Sometimes so much happens in our day to day that our hearts and minds need a break.
And sometimes there is toxicity that surrounds us and it is important to cut ourselves out of that environment. It's a hard thing to do, especially when you're as committed to things as I am. When you've put your heart and soul and full and complete self into something, you - if you're me - never want to walk away.
It's like a friendship that has always been a bit iffy. The best friend who talked about you behind your back. The one who always made you feel crappy for your choices and the way you lived. Mostly - and you knew this at that time - because she was jealous, but also because she liked to shoot you down.
And when someone said to you, "WHY do you take this? WHY do you stay friends with her?" you reply, "Because that's *so-and-so* ... that's how she is."
She's that individual who asked, 'Why do you want to go to social work school? What's the point? You already have a good job,' instead of saying something like, that is AWESOME. You're amazing for trying to take all of that on while working full time and living the rest of your life. Way to go!
The one who, when you decided to officially apply, and take classes and move forward, said, 'Wow. You're going to quit your job, eventually? No kidding...' and trailed off, with no words of support.
Sometimes it takes an explosion of sorts to pull you apart. A grenade that the individual herself has thrown. Other times it takes incoming fire from others to have you recognize that you're not the target, not really. It's themselves. Or it's the person you've stood beside all along.
I don't need to be a part of anything that toxic.

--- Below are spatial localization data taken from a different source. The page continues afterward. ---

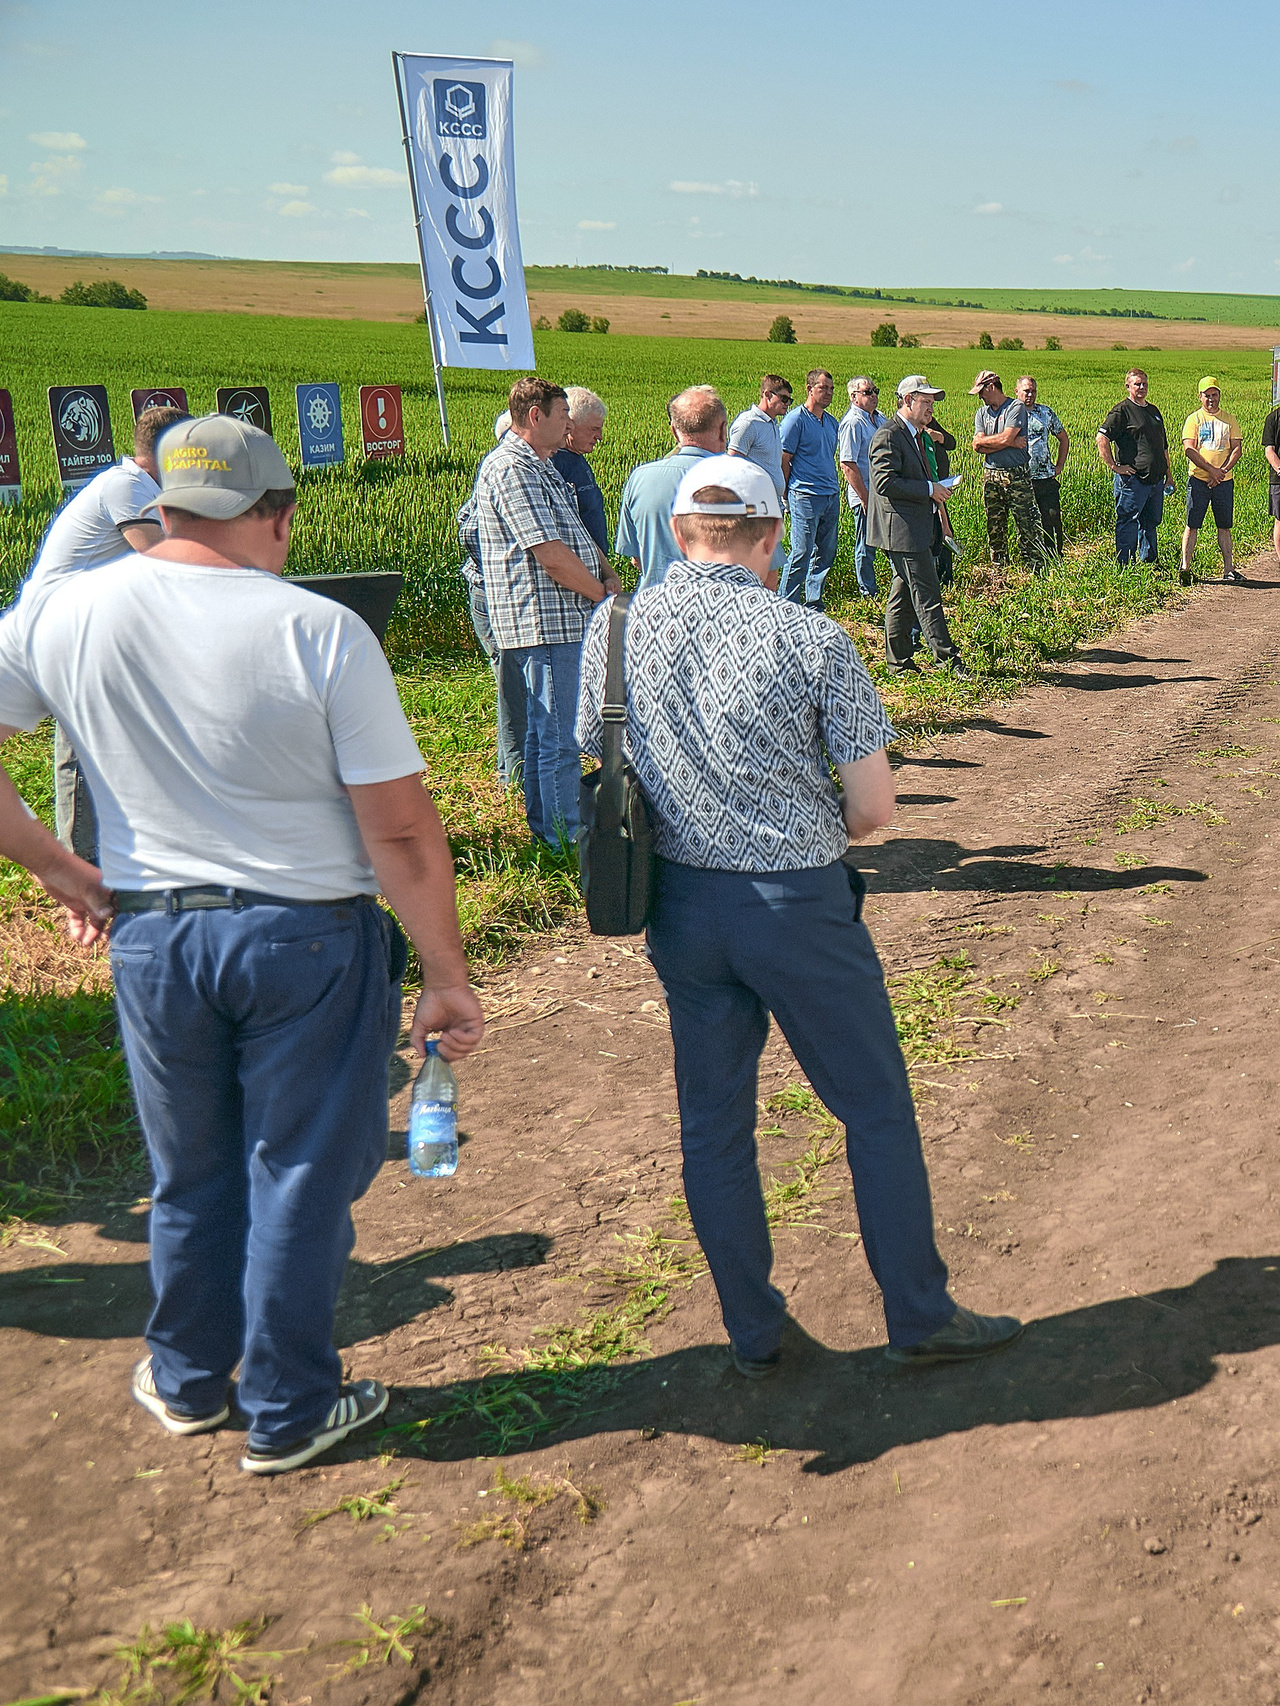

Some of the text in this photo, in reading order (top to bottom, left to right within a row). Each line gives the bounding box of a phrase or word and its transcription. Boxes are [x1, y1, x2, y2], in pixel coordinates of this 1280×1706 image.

[309, 443, 336, 454] КАЗИМ
[366, 440, 402, 452] ВОСТОРГ
[173, 447, 208, 459] AGRO
[61, 453, 112, 467] ТАЙГЕР 100
[172, 459, 232, 472] CAPITAL
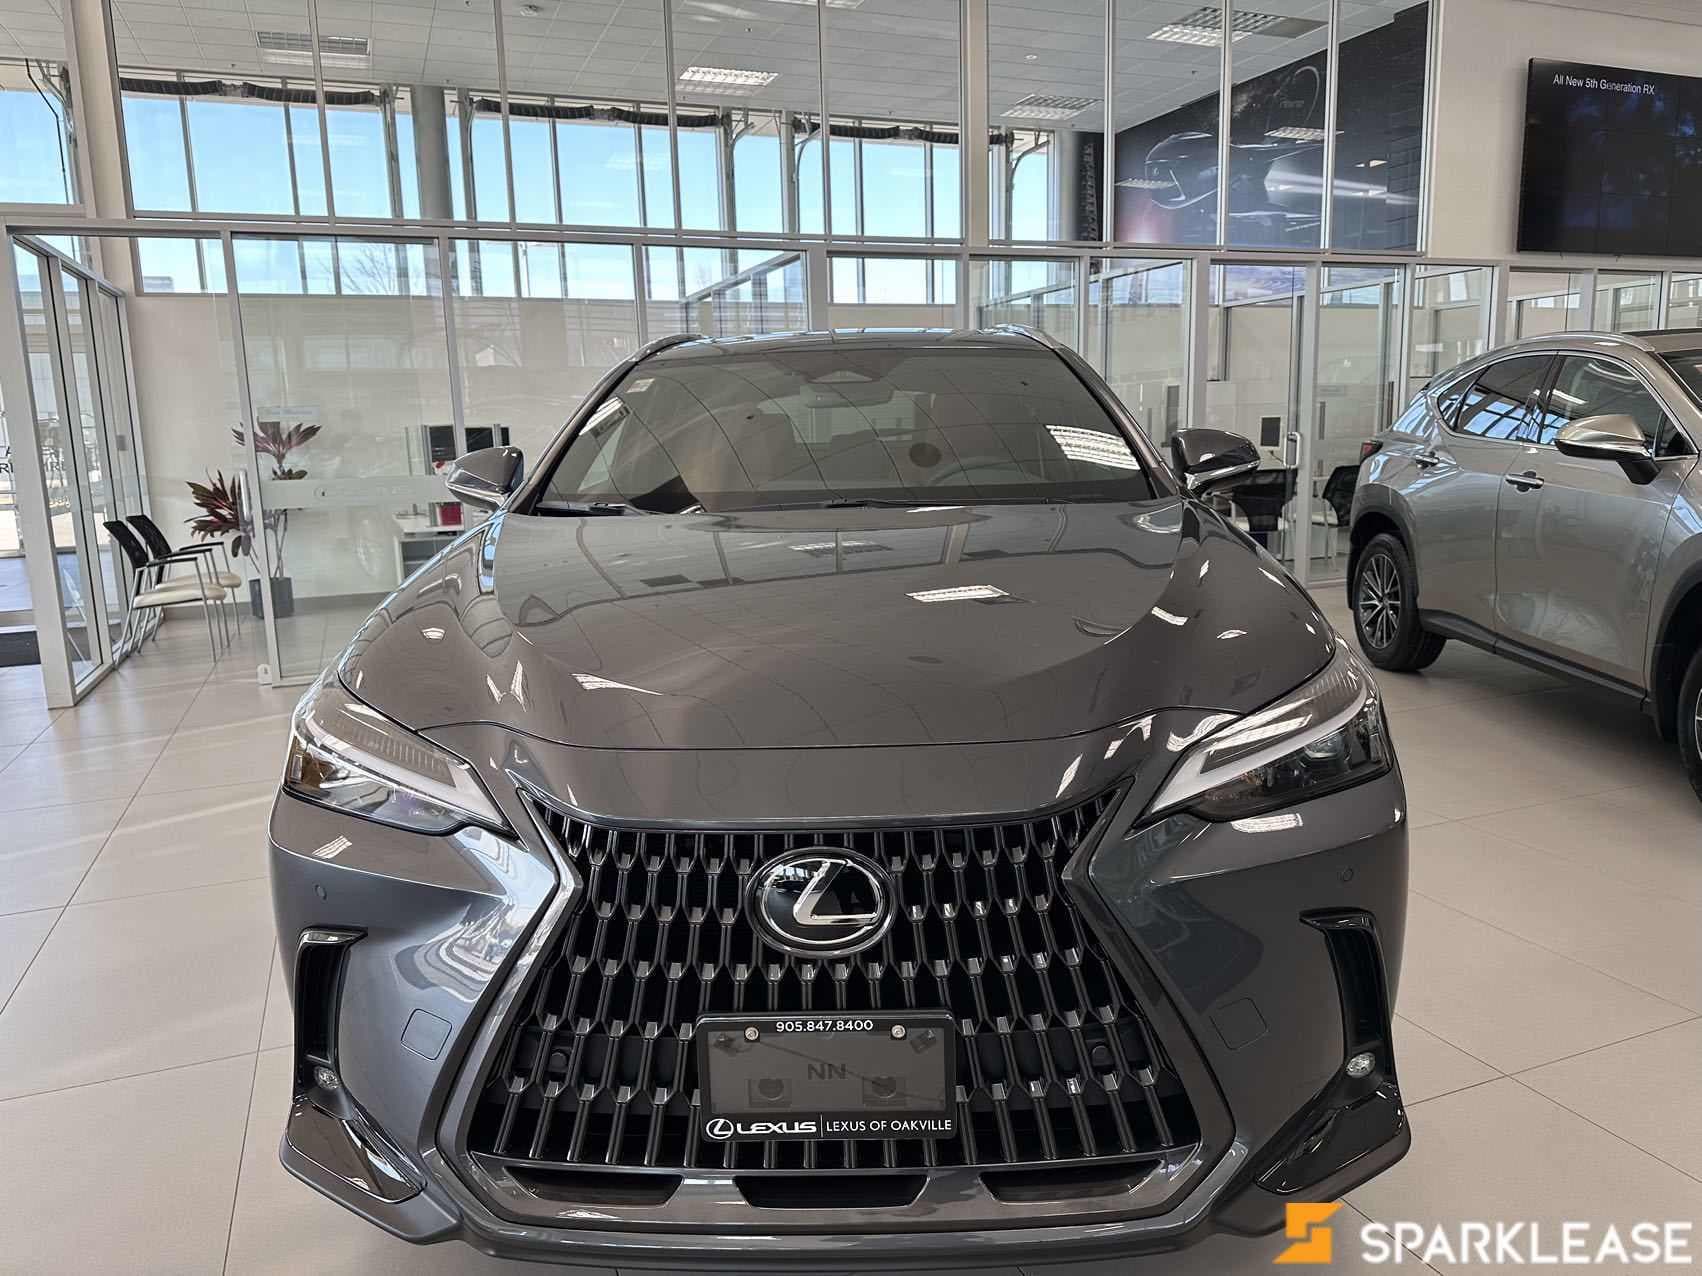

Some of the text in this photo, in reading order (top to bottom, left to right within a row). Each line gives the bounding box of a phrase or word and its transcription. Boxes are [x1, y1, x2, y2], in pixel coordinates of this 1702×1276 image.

[1553, 73, 1655, 95] All New 5th Generation RX
[776, 1020, 873, 1033] 905.847.8400
[737, 1121, 817, 1135] LEXUS
[826, 1119, 952, 1132] LEXUS OF OAKVILLE

I don't need to find myself with a pit in my stomach, second-guessing those around me or myself on a daily basis. And so I move forward. Cut ties with said friend.

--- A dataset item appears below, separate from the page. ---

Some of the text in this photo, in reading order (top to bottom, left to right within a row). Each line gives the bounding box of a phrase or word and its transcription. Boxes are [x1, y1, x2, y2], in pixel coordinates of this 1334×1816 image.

I want to hold on. But do I want what I knew of her before - or what she has shown me now? I want to know what kind of person she is deep inside. I want to know what she really thinks and feels. But she's already shown me, hasn't she?
And those people throwing stones? What's up with them, you ask? /shrug. If I only knew. I just know that sometimes people get their panties in a wad, and I'm not the kind of chick who plays that game. Just ask my best guy friends. They know me well. They've listened to the crap. My story. Stories. They've stayed strong, minus the guilt, the bullshit, the intensity. They're friends. Man, sometimes guys are so much easier to hang with, aren't they?
If only it were always that simple. And so it goes. And so do I. I move on. I hang in there. I see whatever it is that works for me. I'll do me, and you do you, right? Isn't that the best saying? It's like my motto. My words of encouragement for friends. Even non-friends. You do you - cause that's all you can do, no? Sigh.
I feel better now. Sometimes hashing things out in my own sacred space is what works best for me. Funny how I almost wrote you there. You. Me. Where is the divide? I suppose it depends, right? Where do you want it to be? Because I won't create one. I'm not that kind of friend. Not that kind of girl. But hey, if you put it there? Put that wall up? I won't shove it down. Ball's in your court.
And on that note - c'est la vie. I really could use a motivational Pinterest saying right about now, but I'm too lazy to go and grab one, so I'll just put up the PYHO button, instead. Because, honestly? That's enough.